Archive | October, 2022

One Hour No Oil

30 Oct

One hundred minutes no intermission. Now, that’s a trigger warning. It triggered me – but my fears were misplaced. This play by Kenneth Moraleda and Jordan Shea is easy viewing.

It did, however, lead to much lengthier post-show musings. But more of that later.

John Gomez Goodway plays Bhing, a Filipino migrant working as a masseur in a town near the Western Australian mining fields. He has magic hands. He has a gift which verges on the supernatural; he can see physical pain in others. He is an inheritor of a grand tradition. Bhing has a new client, Scott, played by Shaw Cameron, a “skip”, a boiler maker from one of the mines. Scott is a “caveman”, desperate to ease the pain in his damaged shoulder, but uncertain about such close physical contact with a man, especially an Asian man.

We witness their massage sessions. Moraleda and Shea’s decision to privilege physicality is unexpectedly intellectually stimulating, and an exciting theatrical invitation. Director Moraleda and movement director Lauren Nalty effectively stylise the massage sessions – there’s no lying face down on a table – there’s a smooth flowing beauty.

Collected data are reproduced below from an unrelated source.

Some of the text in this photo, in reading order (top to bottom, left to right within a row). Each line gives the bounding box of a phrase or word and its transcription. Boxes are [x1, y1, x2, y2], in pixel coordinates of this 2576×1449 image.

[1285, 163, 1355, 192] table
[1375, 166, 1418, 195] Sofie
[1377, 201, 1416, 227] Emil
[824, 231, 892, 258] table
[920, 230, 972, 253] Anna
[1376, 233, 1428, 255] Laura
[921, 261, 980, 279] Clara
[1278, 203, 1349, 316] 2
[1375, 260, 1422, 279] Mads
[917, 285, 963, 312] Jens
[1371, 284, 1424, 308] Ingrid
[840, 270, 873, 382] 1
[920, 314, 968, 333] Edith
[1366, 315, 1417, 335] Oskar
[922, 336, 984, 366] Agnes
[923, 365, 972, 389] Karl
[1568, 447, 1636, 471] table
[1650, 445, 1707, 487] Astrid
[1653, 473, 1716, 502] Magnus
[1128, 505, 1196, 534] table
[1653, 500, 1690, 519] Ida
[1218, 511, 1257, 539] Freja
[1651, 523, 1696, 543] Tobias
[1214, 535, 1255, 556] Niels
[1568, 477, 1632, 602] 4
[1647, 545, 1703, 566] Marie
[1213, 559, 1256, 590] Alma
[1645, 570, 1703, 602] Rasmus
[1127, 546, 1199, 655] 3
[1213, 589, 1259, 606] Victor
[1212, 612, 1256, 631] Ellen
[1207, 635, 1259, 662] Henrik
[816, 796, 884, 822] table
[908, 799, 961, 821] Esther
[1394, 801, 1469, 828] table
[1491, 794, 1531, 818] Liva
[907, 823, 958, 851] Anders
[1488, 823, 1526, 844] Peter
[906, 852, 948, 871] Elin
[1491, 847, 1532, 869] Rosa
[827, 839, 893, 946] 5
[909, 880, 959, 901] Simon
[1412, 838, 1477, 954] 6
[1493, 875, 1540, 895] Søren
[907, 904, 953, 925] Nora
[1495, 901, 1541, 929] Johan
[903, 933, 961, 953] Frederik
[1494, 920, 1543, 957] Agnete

Sometimes Bhing and Scott speak to each other, but often they express their thoughts and feelings in a stream of consciousness that’s sometimes directed at us, and sometimes not. Their relationship gradually changes. The marketing implies the transcending of hate…. but that’s marketing; the play offers something darker than that.

The performances are captivating, bravely participating in the creation of two rather unlikeable characters. (After beginning the show with the longest and most combative acknowledgement of country I’ve heard for a while, we were presented with two non-indigenous characters clearly living off the proceeds of that country. Similarly, there’s a moment when one of the characters – vagueness due to spoiler rule – has a clear duty of care but is conflicted about fulfilling it because he really wants to attend an interview with a bureaucracy so he can prove he has read their documentation about duty of care.) But don’t get the impression we’re being asked to watch two entitled bores; the writers provide plenty of moments of humour and charm which the performers play wonderfully.

The two actors share the space with musician Alec Steedman, who creates fun sound effects, and also performs two amusing cameos.

Two handers are notoriously difficult. How do you get the balance right between the characters? Do you try for balance at all? In this play, Bhing is assumed to be vastly superior to Scott. So what responsibilities, if any, might this incur?  Any answer to that is dependent on the answer to this: How does a relationship between two specific individuals – and there’s a lot of stage time to make them quite specific – evoke something wider to an audience?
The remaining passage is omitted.